• Medicine · Feb 2016

    Comparative Study

    Comparison of the Pentax Airwayscope, Glidescope Video Laryngoscope, and Macintosh Laryngoscope During Chest Compression According to Bed Height.

    • Wonhee Kim, Yoonje Lee, Changsun Kim, Tae Ho Lim, Jaehoon Oh, Hyunggoo Kang, and Sanghyun Lee.
    • From the Department of Emergency Medicine, Kangnam Sacred Heart Hospital, Hallym University, Republic of Korea (WK); Department of Emergency Medicine, Guri Hospital, Hanyang University, Republic of Korea (YL, CK); and Department of Emergency Medicine, Seoul Hospital, Hanyang University, Republic of Korea (THL, JO, HK, SL).
    • Medicine (Baltimore). 2016 Feb 1; 95 (5): e2631.

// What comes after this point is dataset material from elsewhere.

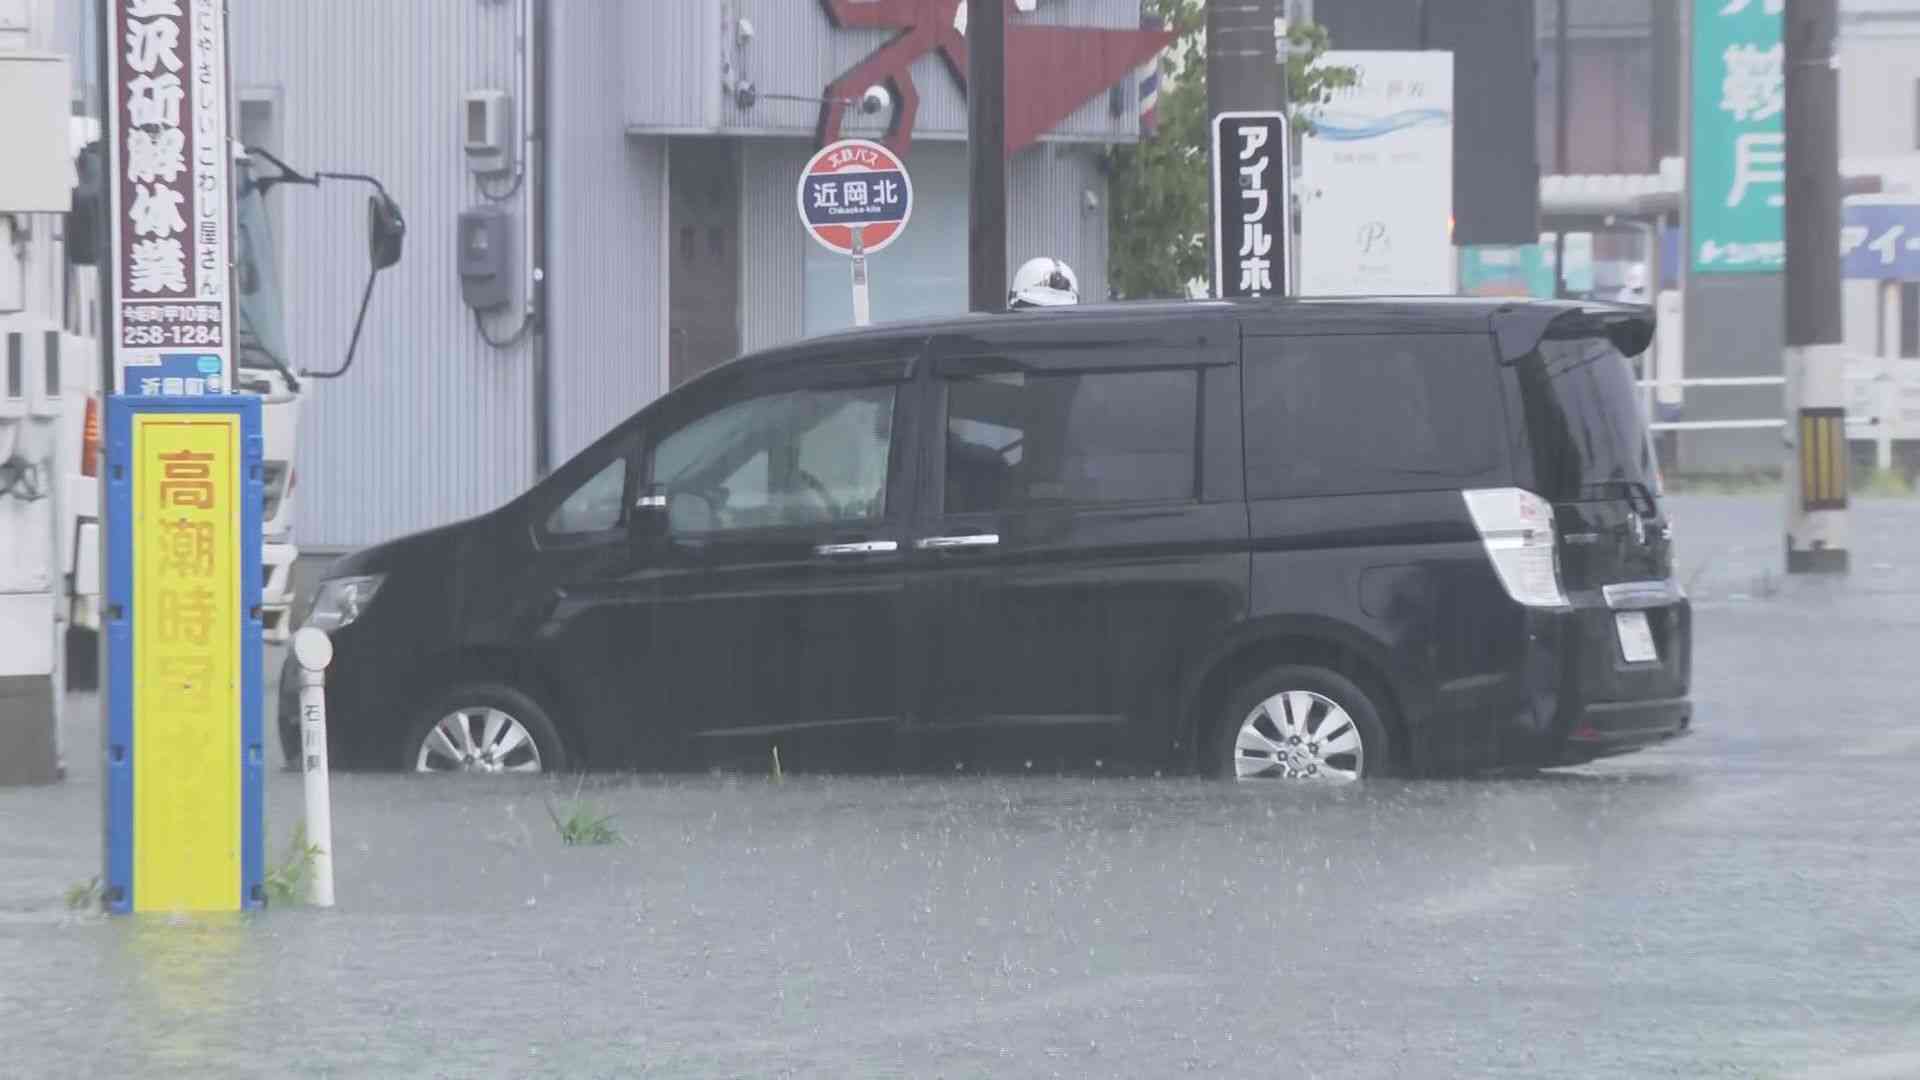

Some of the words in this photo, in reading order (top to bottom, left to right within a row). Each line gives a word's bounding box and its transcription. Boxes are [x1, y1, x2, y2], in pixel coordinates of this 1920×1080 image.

[813, 179, 898, 208] 近岡北
[1237, 126, 1273, 298] アイフルホ
[124, 325, 221, 344] 258-1284

    AbstractWe aimed to investigate whether bed height affects intubation performance in the setting of cardiopulmonary resuscitation and which type of laryngoscope shows the best performance at each bed height.A randomized crossover manikin study was conducted. Twenty-one participants were enrolled, and they were randomly allocated to 2 groups: group A (n = 10) and group B (n = 11). The participants underwent emergency endotracheal intubation (ETI) using the Airwayscope (AWS), Glidescope video laryngoscope, and Macintosh laryngoscope in random order while chest compression was performed. Each ETI was conducted at 2 levels of bed height (minimum bed height: 68.9  cm and maximum bed height: 101.3 cm). The primary outcomes were the time to intubation (TTI) and the success rate of ETI. The P value for statistical significance was set at 0.05 and 0.017 in post-hoc test.The success rate of ETI was always 100% regardless of the type of laryngoscope or the bed height. TTI was not significantly different between the 2 bed heights regardless of the type of laryngoscope (all P > 0.05). The time for AWS was the shortest among the 3 laryngoscopes at both bed heights (13.7  ±  3.6 at the minimum bed height and 13.4  ±  4.7 at the maximum bed height) (all P < 0.017). The TTI of Glidescope video laryngoscope was not significantly shorter than that of Macintosh laryngoscope at the minimum height (17.6  ±  4.0 vs 19.6  ±  4.8; P = 0.02).The bed height, whether adjusted to the minimum or maximum setting, did not affect intubation performance. In addition, regardless of the bed height, the intubation time with the video laryngoscopes, especially AWS, was significantly shorter than that with the direct laryngoscope during chest compression.